Dear Diary,
Well, it is all done. Daegond of Gondolin lies in a cairn alongside his oath-brother, my husband -- I took a stone from Themodir's to put on Daegond's. No more will he break furniture in what he called the "Hall of Lies." No more will he sniff new recruits to make sure they are sufficiently respecting me. May Lord Namo give him at least the mercy of forgetting all he saw, heard, smelled at the sack of the White City.
So many came, Diary. Even Dwarf-lords paid their respects, which would surely astonish my brother. It is already one of those stories I wish I could tell him, but now cannot, at least not for a very long time.
The only tribute I could think of to place with him was the medical textbook I wrote entirely about him, A Strange Case of Digestive Difficulty in a Soldier. Oh, it was not the only copy. In the days prior to the funeral, I truly put Sarmetecil through her paces as a copyist, to make a fresh one entirely for a grave-gift. I have given her a few days off to rest her arm.
When I visited the new cairn yesterday, I found a curious tribute outside of the grave (another gift given him was the leather belt he bit on while I operated on him in a house Feamiril and Gilinnen insisted was that of Iarwain Ben-adar). Wedged between the cairn-stones is a sort of bird brooch, but not a swan. It reminds me of the art style of Doriath, but surely there are few enough Doriathrim left on this side of the ocean, and those few must all be in the Golden Wood. A most odd occurrence, and yet it reminds me that like Daegond himself, many I know surely keep secrets I cannot even guess at.
Certainly his poor hroa yielded few enough secrets. Someone hated him enough to -- well, let me not dwell on that, not now. My poor brother! It is all heartbreak, Diary. At least he and Themodir are together again. But they are both apart from the rest of us.

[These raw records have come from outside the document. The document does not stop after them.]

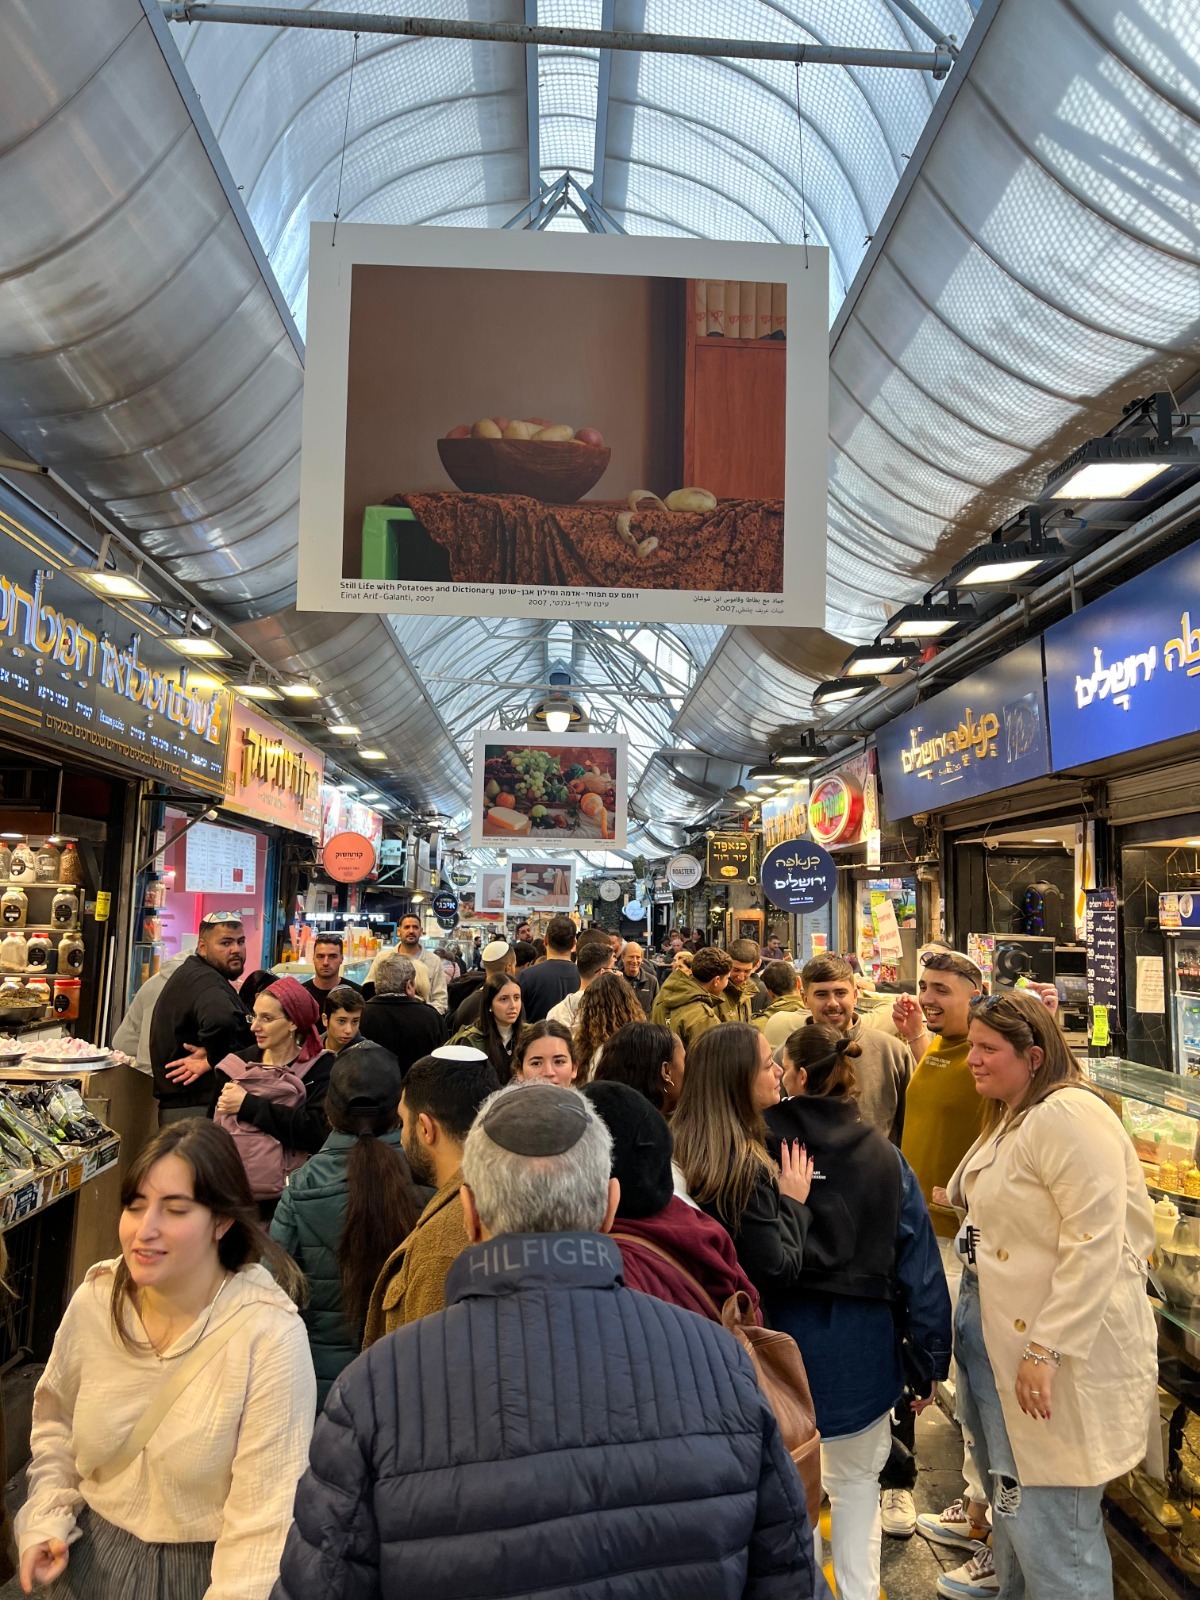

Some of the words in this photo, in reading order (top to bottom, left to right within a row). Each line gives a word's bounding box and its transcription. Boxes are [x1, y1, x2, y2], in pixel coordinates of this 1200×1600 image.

[340, 582, 356, 590] Still
[358, 582, 375, 590] Life
[377, 583, 395, 591] with
[397, 583, 433, 593] Potatoes
[435, 585, 450, 593] and
[452, 585, 495, 596] Dictionary
[537, 588, 558, 597] ומילון
[340, 592, 361, 600] Einat
[415, 595, 435, 603] 2007
[608, 591, 619, 599] עם
[46, 713, 73, 736] במקום
[713, 841, 748, 852] כנאפה
[713, 853, 730, 861] דוד
[733, 854, 748, 862] עיר
[469, 1237, 616, 1283] HILFIGER
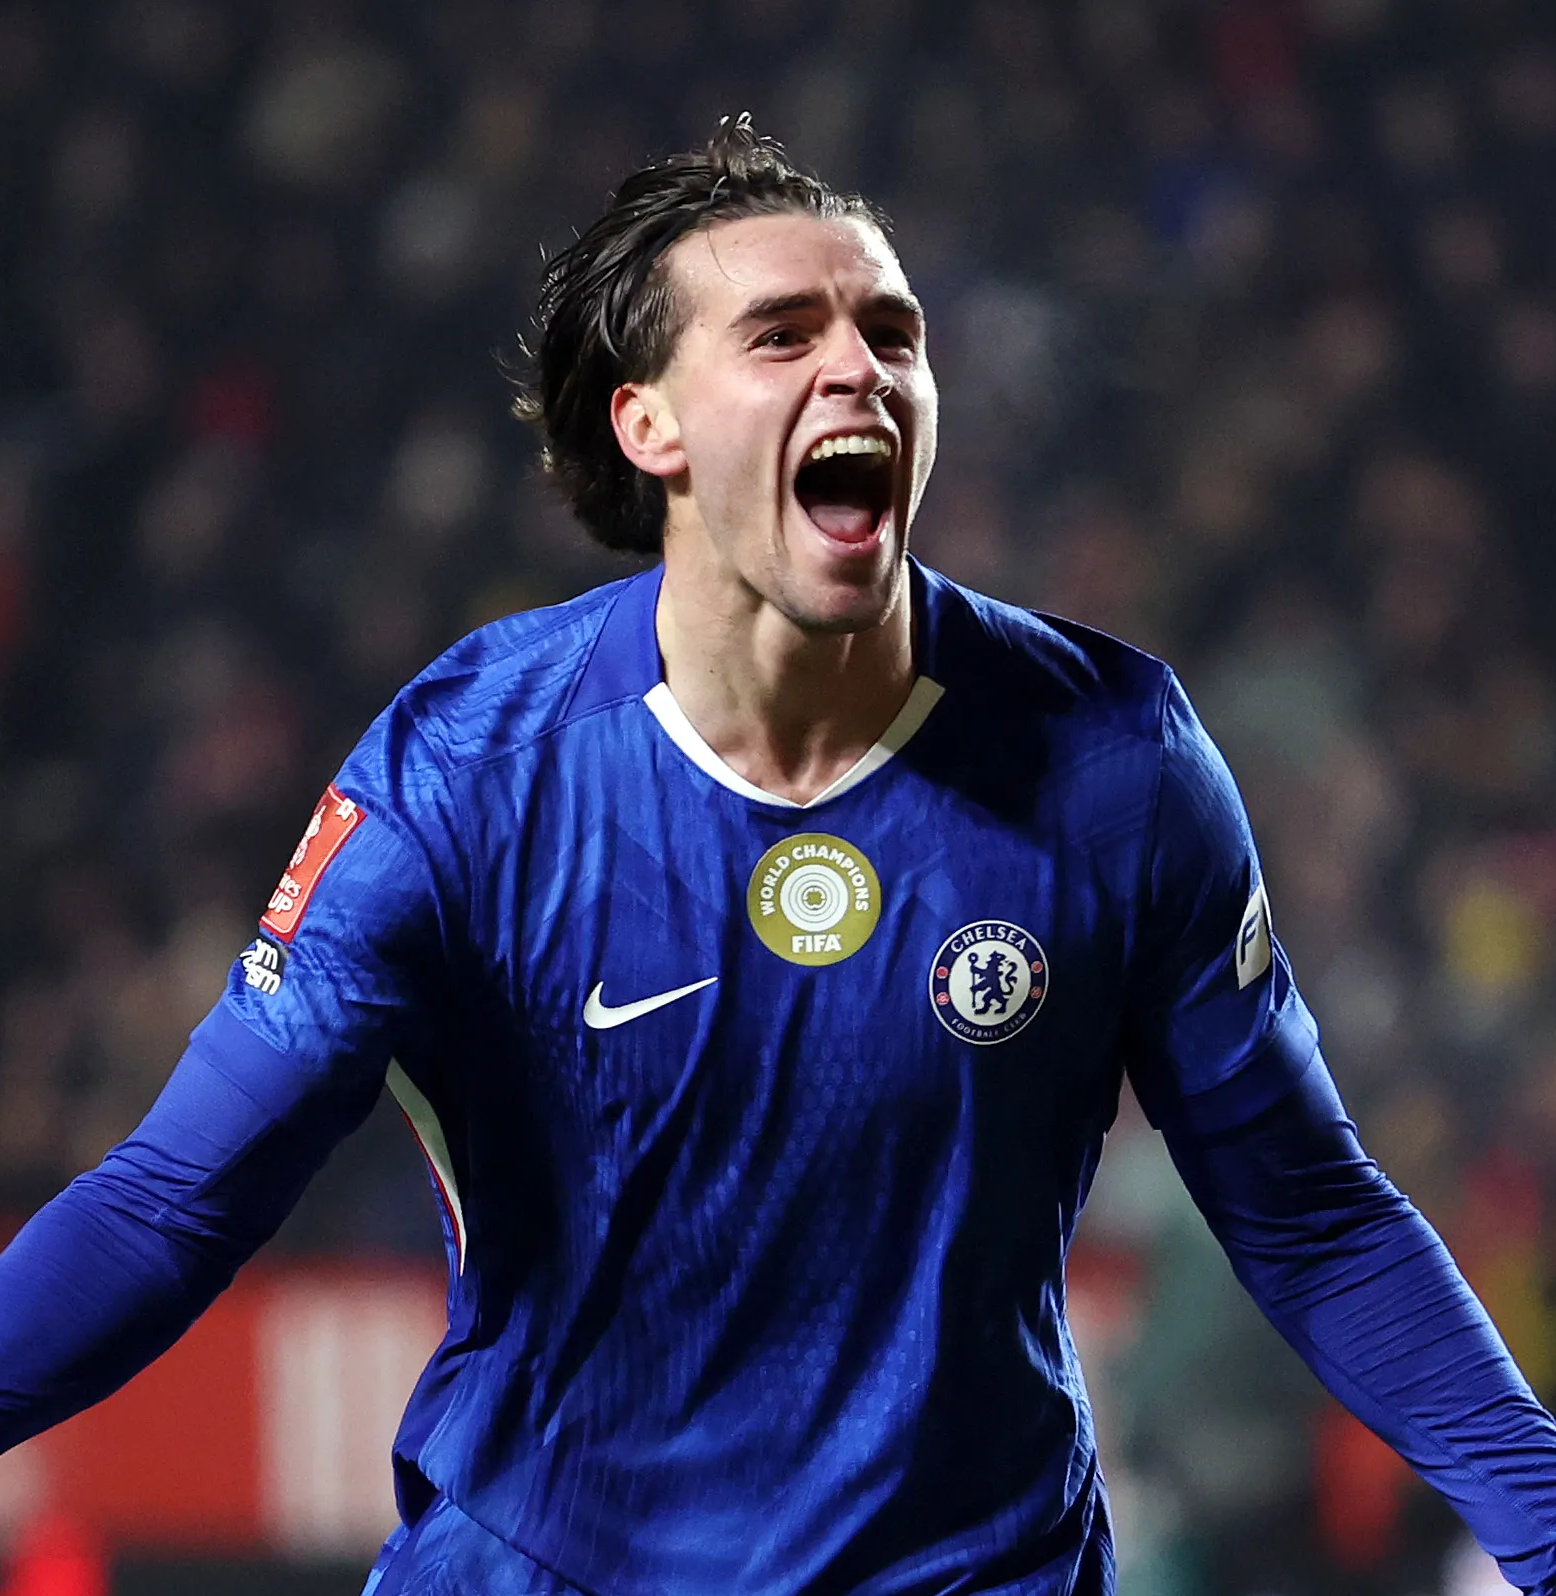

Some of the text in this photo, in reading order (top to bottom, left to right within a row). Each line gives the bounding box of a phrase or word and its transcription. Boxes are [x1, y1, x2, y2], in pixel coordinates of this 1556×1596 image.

[760, 844, 869, 916] WORLD CHAMPIONS
[268, 888, 293, 913] UP
[791, 934, 842, 953] FIFA
[951, 926, 1027, 953] CHELSEA
[951, 1018, 999, 1038] FOOTBALL
[1004, 1012, 1027, 1033] CLUB

Dear Losgael, of course, will keep Daegond's swan. Meluilindele is an adaptable sort of fellow. He can learn to put up with an endless flow of green eggs.
I tried to calm my mind after it was all done by looking over the first of the ancient tomes from the great chest brought to me by the Hammer some weeks ago. I put on my cotton gloves and carefully turned the flaking pages. What then would be revealed? Would there be accounts of Cuivienen? Just how old was this tome of great mystery? It certainly had a promising title: To Serve.
Unfortunately, the author reveals very little of themselves, except possibly in their choice of recipes. It is a cookery book. Supposing my overworked secretary will ever copy anything for me again after having to read every last nuance of Daegond's bowel troubles, I will pay her a lavish bonus to make Telpenaro a copy of this volume.
Would not my husband's brother roar with laughter, if he could see me breathlessly opening the dusty tome, only to be greeted with a recipe for honey-cakes? At least it was not sausage. I could not have borne that.
My heart, Diary. It is absolutely shattered.